I don’t have to let that happen, but in order to avoid it I need to be willing to see clearly, accept what I see, cut my losses and act in my own behalf. Real life is not Hollywood, a comic book or virtual reality. It’s not my responsibility to be a savior, financially, emotionally, sexually or in any other way. The word survivor does not and cannot apply to everyone.

It’s a harsh reality that doesn’t have much to do with being politically correct or approval and popularity, and most people have trouble facing it, which will inhibit their survival if they ever find themselves in an emergency situation.

Gonzales covers this at some length in Deep Survival, and he rightfully points out that compassion and cool or even cold logic are not mutually exclusive. People in extreme situations sometimes have to make dreadful decisions in order to live, and they do. A compassionate nature that does what must be done may buy survival at the cost of life-long trauma. Ask any combat veteran. This is the side of the story the Marvel Universe doesn’t talk about. Survival can be primitive, dirty and gut wrenching. Sending blue light and thoughts and prayers are not the stuff of survival.

Clear orientation leads to options and choices. Evaluating available resources and concentrating on the basics of survival: water, food, shelter, warmth, rest and first aid are essential. Thinking coolly and logically about what must be done and breaking the task into small steps can save people against all odds.
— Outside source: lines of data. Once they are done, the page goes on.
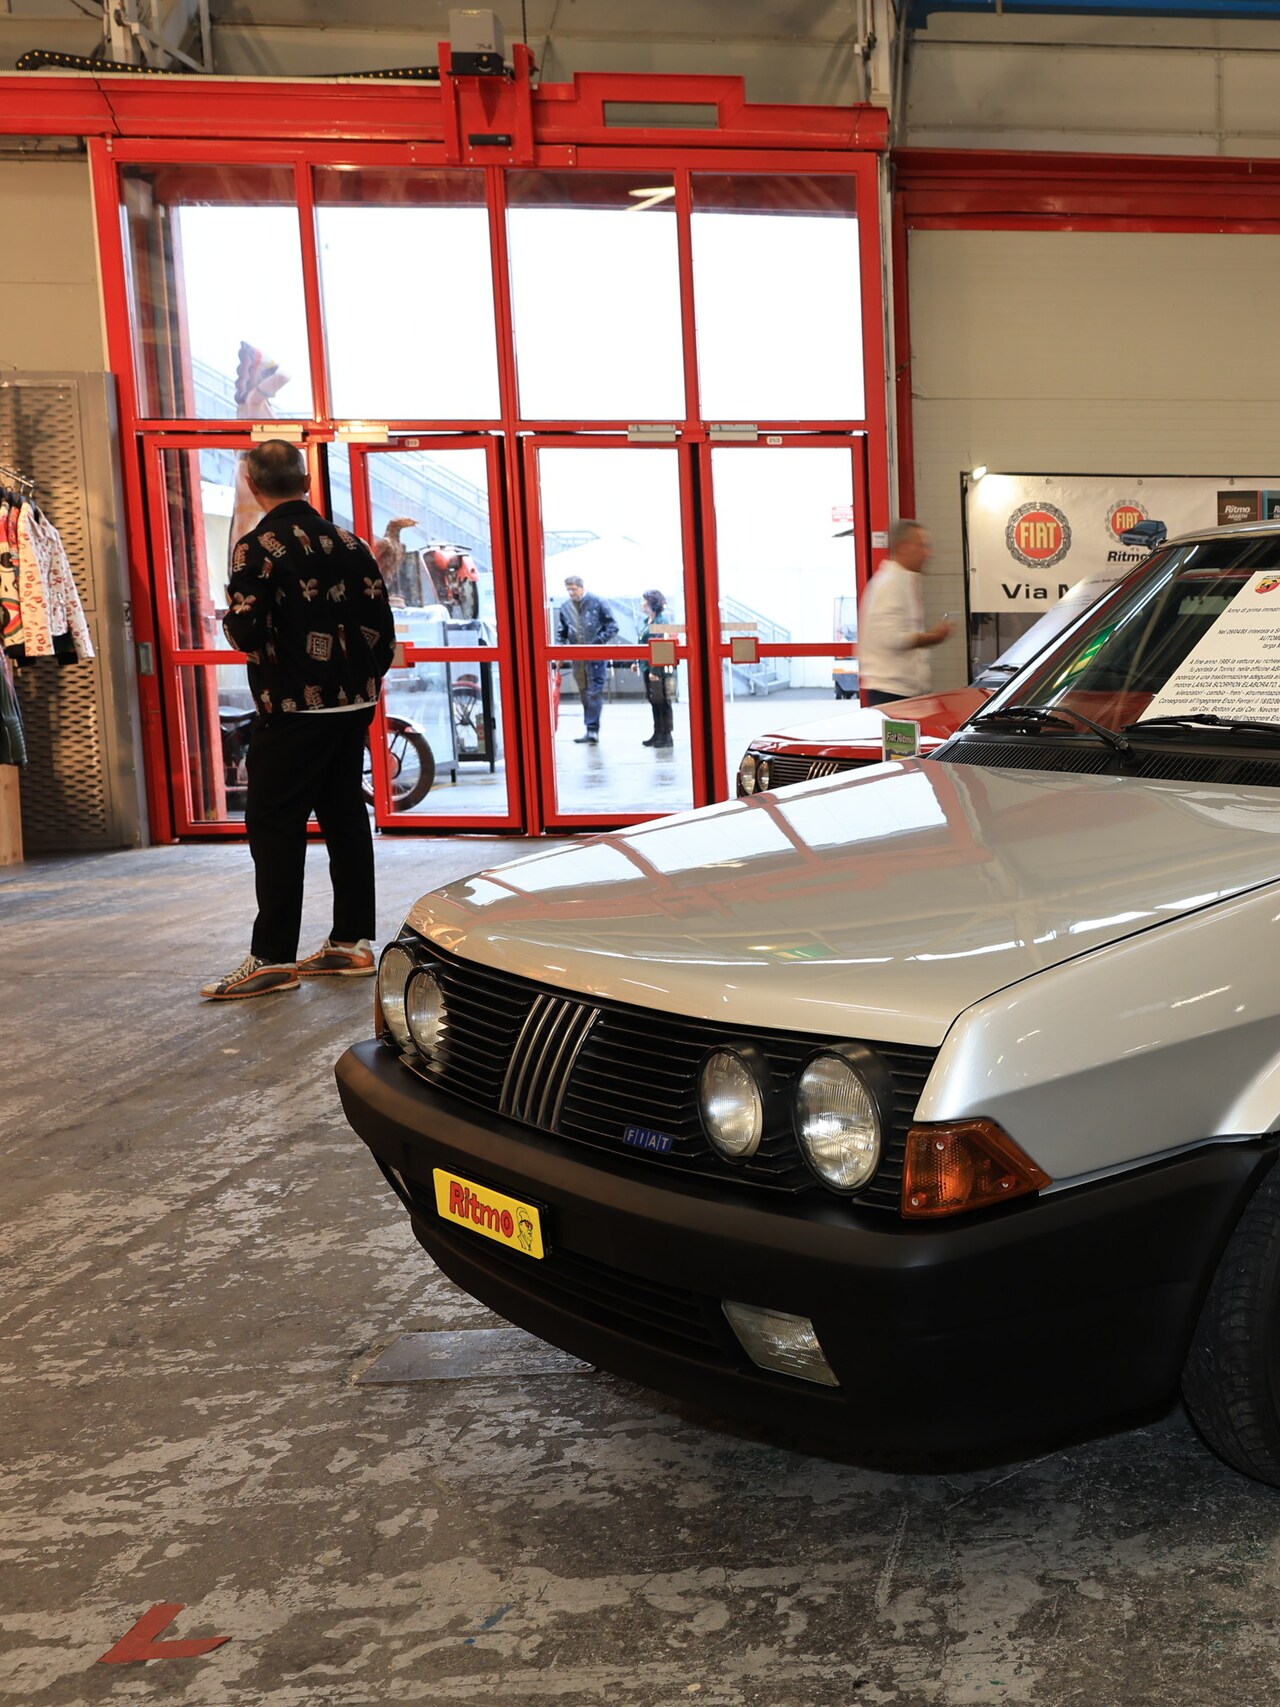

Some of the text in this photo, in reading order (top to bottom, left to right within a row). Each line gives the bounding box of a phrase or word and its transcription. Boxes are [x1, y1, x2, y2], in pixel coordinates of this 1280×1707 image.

[1224, 505, 1251, 513] Ritmo
[1115, 512, 1140, 529] FIAT
[1020, 522, 1057, 549] FIAT
[1002, 584, 1048, 599] Via
[1159, 697, 1189, 705] Consegnata
[887, 731, 915, 745] Fiat Ritmo
[627, 1128, 671, 1151] FIAT
[449, 1180, 514, 1239] Ritmo
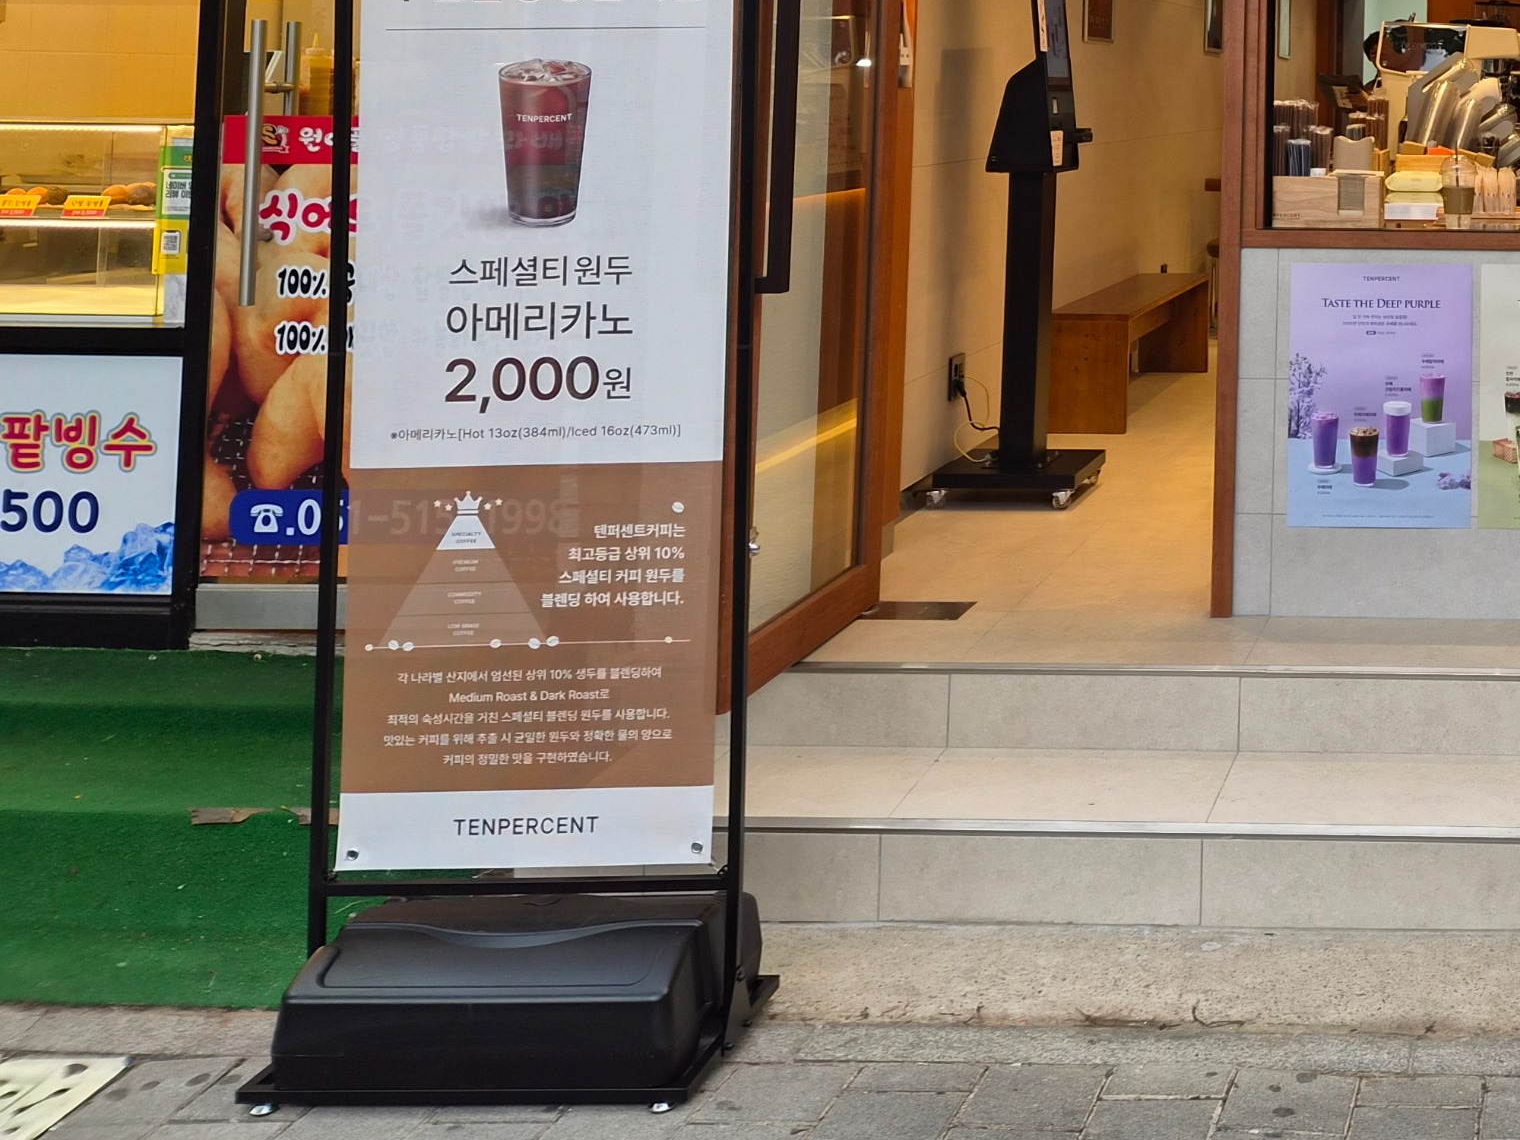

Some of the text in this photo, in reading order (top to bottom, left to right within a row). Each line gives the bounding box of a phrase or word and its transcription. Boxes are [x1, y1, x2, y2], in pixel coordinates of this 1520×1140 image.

Sometimes, death comes. Eventually, we all reach our last day. In that case, there’s no more to be said. Yet the mysterious terrain on the threshold between life and death is remarkably defining. I wonder if perhaps it’s the place where we learn the most about ourselves.

Photo by Andrew Neel on Unsplash

I’ve known people who stockpile weapons and ammo, bury gold in bunkers, build off-grid compounds and obsess about survival equipment and bug-out bags. Many wilderness schools teach basic and advanced survival techniques. Some folks put all their financial resources into prepping for catastrophe and collapse. I’m nervous about the state of the world on many levels myself, so I understand, but I can’t help thinking that investing in a story about living in a guarded, fully-equipped compound is not much better than investing in a story that water will continue to run from faucets, a wall socket will deliver electricity and grocery shelves will hold food, forever and ever, amen.

After reading Gonzales, I’m considering maybe simply living life is the best preparation for survival. Trusting my instinct; learning to manage my power and feelings; being aware of the limitations of my experience, expectations and beliefs are all investments in survival. Simply practicing observation is a powerful advantage. I don’t have money to spend on gear and goodies I might or might not be able to save, salvage or retain if things fall apart. The kind of investment that will keep me alive is learning new skills, staying flexible and adaptive, developing emotional intelligence and nurturing my creativity. No one can take those tools away from me and I can use them in any scenario.

We’re born with nothing but our physical envelope. Ultimately, perhaps the greatest survival tool of all is simply ourselves, our wits and our will.